Framing the Hurdles to Relevant Ecommerce Search

Every e-commerce shop owner wants to achieve ecommerce search relevance with the search results on their website.

But what does that really mean?

As the German singer Herbert Grönemeyer once stated: “It could all be so easy, but it isn’t”.

It could all be so easy, but it isn’t

It may mean that they look for products matching their search intent.

All of them.

New ones on top.

Or the top-sellers.

Or the ones with the best ratings.

Or the ones now available.

Or maybe the cheap ones, where they can save the most money right now?

What is Search Relevance for the Shop Owner

It may even mean something entirely different, like having the products on top with the best margin. Or the old ones, which should free space in the warehouse.

It’s evident that the goals are not the same; sometimes even contradictory.

How to Overcome Hurdles to Ecommerce Search Relevance?

As with most things, the solution is an even blend of several strategies. These will allow both a strong foundation to reach a broad audience, while simultaneously retaining enough focus to meet individual customer intent.

But even with the perfect ranking cocktail, you will still have to do your homework concerning the basic mechanics of finding all relevant products in the first place.

So let’s start with that.

Step #1 — Data Retrieval is Key in Making Search Relevant:

Ask yourself what kind of data you need and if you are making use of all its potential yet.

Don’t forgo the basics!

It’s easiest if you begin this exercise with the following analogy top-of-mind: Imagine you are building a skyscraper!

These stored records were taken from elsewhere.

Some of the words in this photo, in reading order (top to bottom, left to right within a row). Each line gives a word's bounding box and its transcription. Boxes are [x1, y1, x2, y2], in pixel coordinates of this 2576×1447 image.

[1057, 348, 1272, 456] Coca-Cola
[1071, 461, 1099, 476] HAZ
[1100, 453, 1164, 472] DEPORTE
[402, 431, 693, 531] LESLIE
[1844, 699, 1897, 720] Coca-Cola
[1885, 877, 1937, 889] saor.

Data is the Foundation for Ecom Relevance

If the basement is not level, you can try as hard as you want, the construction will fall apart.

Or, to borrow another analogy: painting a wrecked ship in a fancy orange color will still leave you with a ship wreck. So don’t try to use fancy stuff like machine learning to compensate for crappy data.

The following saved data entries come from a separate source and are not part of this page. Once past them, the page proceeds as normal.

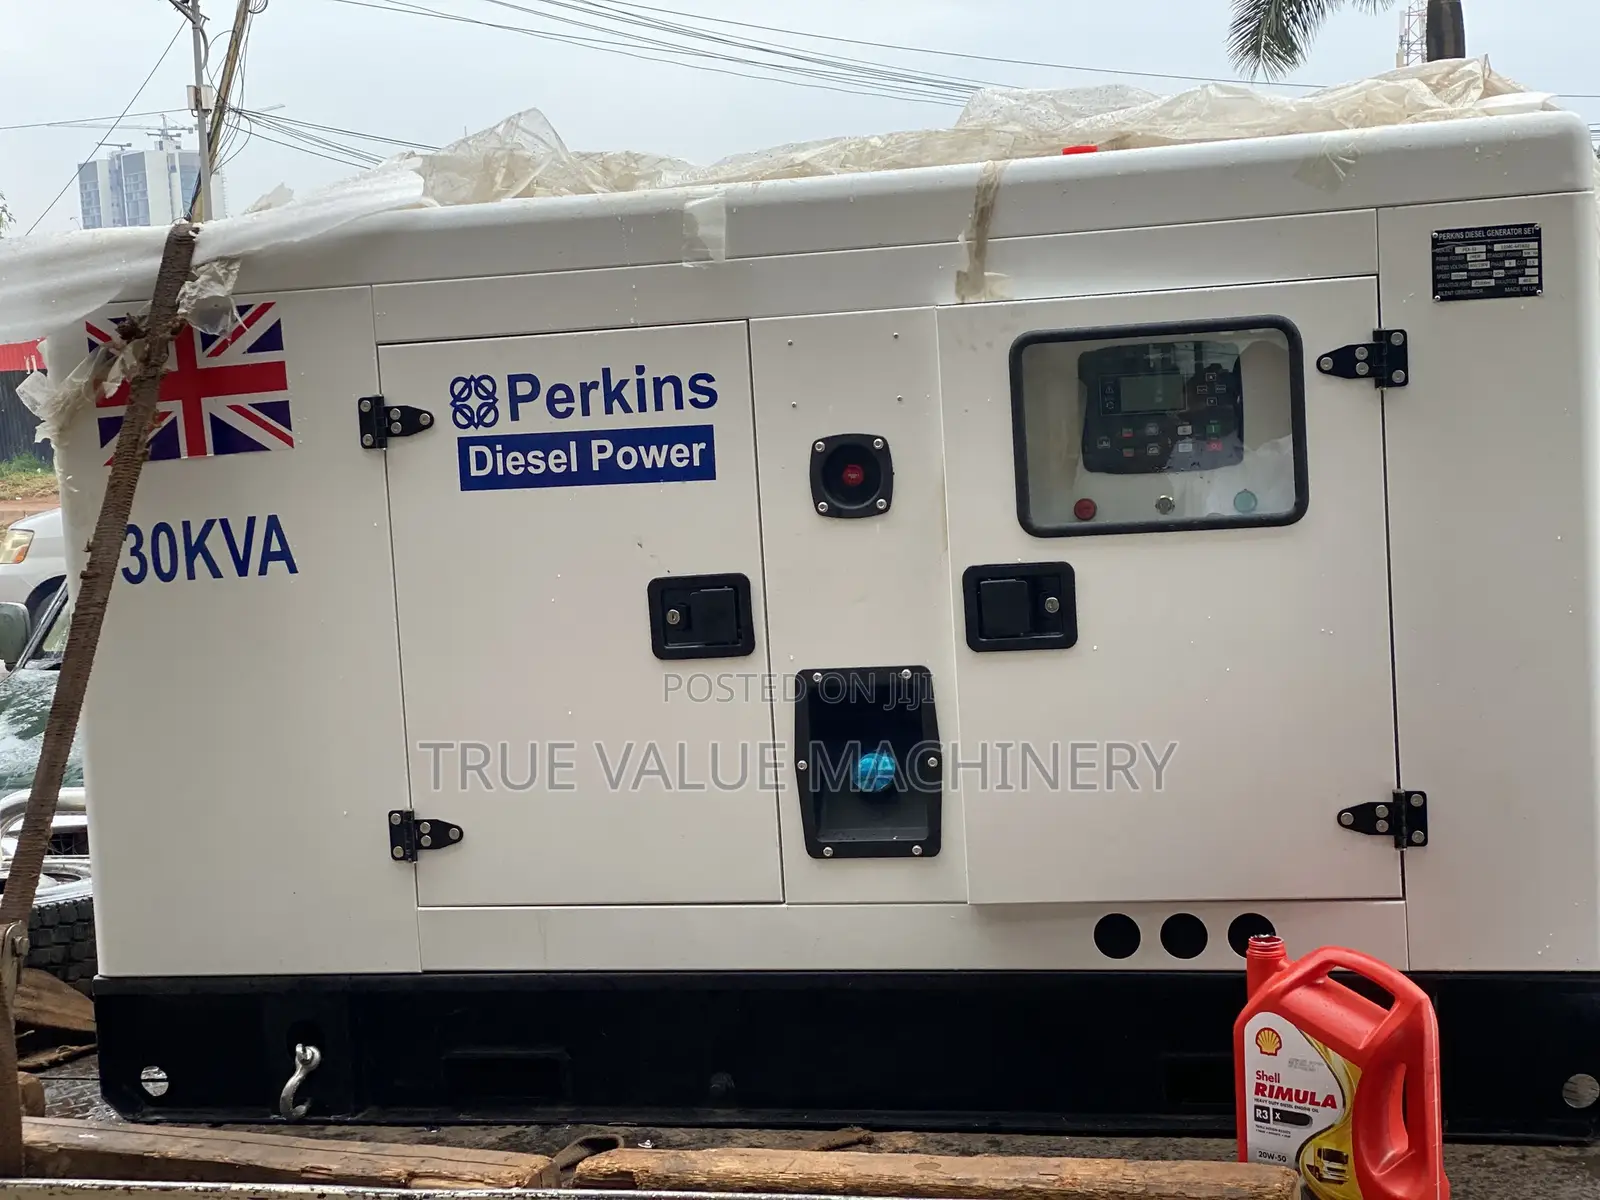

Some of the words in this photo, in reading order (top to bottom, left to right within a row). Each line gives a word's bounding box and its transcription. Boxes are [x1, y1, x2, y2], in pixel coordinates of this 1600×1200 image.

[1439, 232, 1464, 240] PERKINS
[1465, 230, 1485, 239] DIESEL
[1487, 228, 1523, 237] GENERATOR
[1523, 227, 1535, 235] SET
[507, 365, 718, 421] Perkins
[469, 441, 578, 477] Diesel
[591, 439, 706, 471] Power
[122, 515, 299, 584] 30KVA
[1256, 1070, 1280, 1083] Shell
[1254, 1082, 1337, 1109] RIMULA
[1256, 1109, 1268, 1120] R3
[1274, 1112, 1281, 1120] X
[1258, 1150, 1287, 1163] 20W-50

Achieving ecommerce search relevance is just as much about, wisely, using every available piece of data you have throughout your databases, as it is conceiving a relevant structure to support it.

Keep in mind details like the findability of terms. Having many technical specifications is great. Having them in a normalized matter is even better.

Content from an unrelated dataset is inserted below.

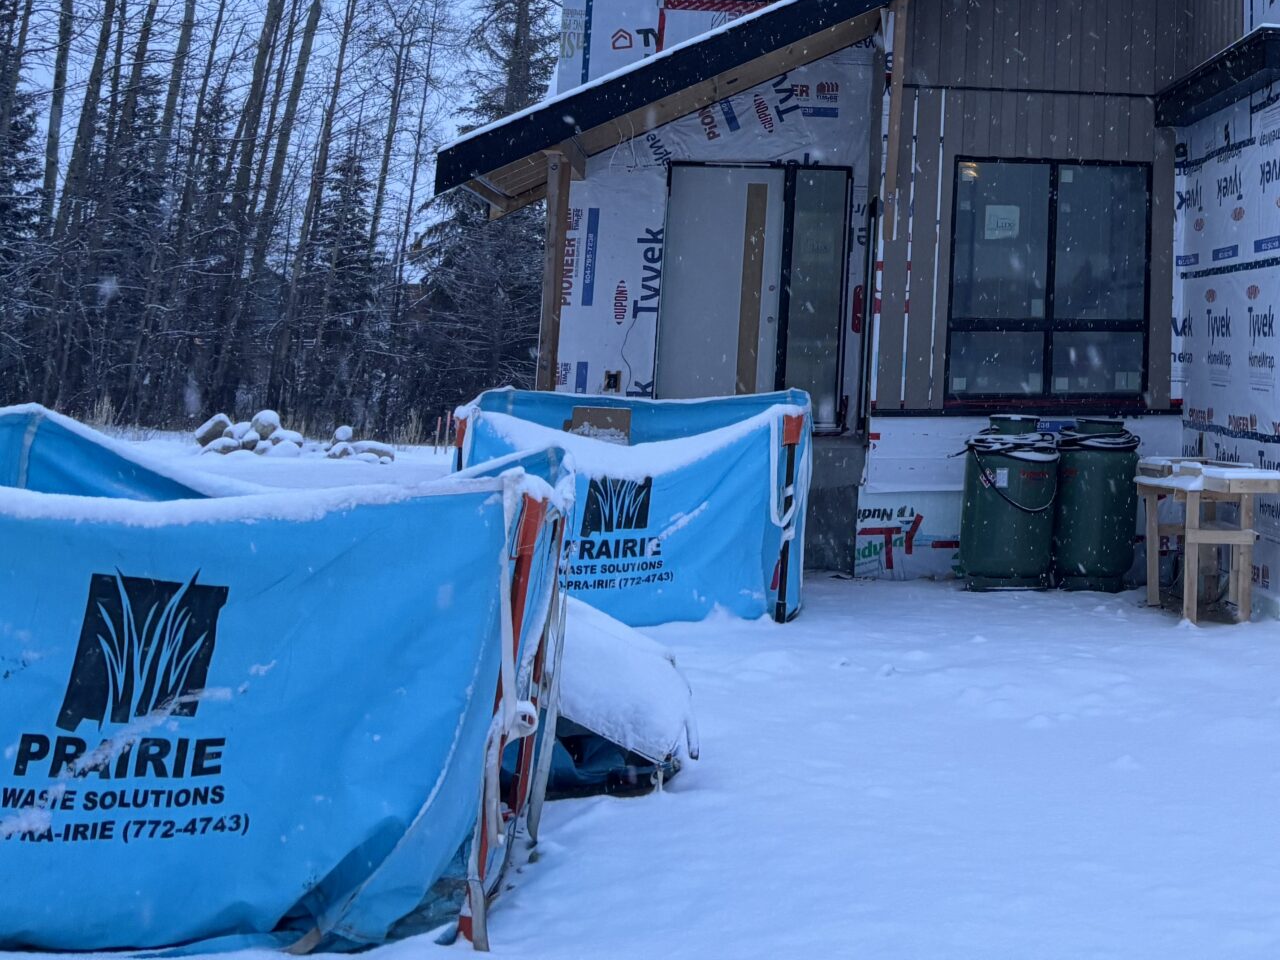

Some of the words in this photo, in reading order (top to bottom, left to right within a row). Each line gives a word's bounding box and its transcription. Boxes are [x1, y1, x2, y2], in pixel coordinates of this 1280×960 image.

Create Relevant Search Results – Not New Paint on a Rusty Ship!

A simple example of this are colors. The products of brands tend to use fancy names like “space gray” or “midnight green”.

But that is not what your customers will search for. At least not the majority of customers.

As a result, for the purposes of searchability and facetability, it is necessary to map all brand-specific terms to the generally used terms like black and green.

Keep it simple!

Further to normalization: if your customers are searching for sizes in different ways, e.g., 1 TB vs. 1000 GB, you need to make it convenient for customers to find both.

Key to the success of this kind of approach, is structurally separating facet data from search data. All variations must be findable, but only the core values used for faceting.

True, there are several software vendors out there who can help you normalize your product data. However, a few simple processing steps, that you plug into your data processing pipeline, will improve your data enough to considerably increase both findability, and facetability.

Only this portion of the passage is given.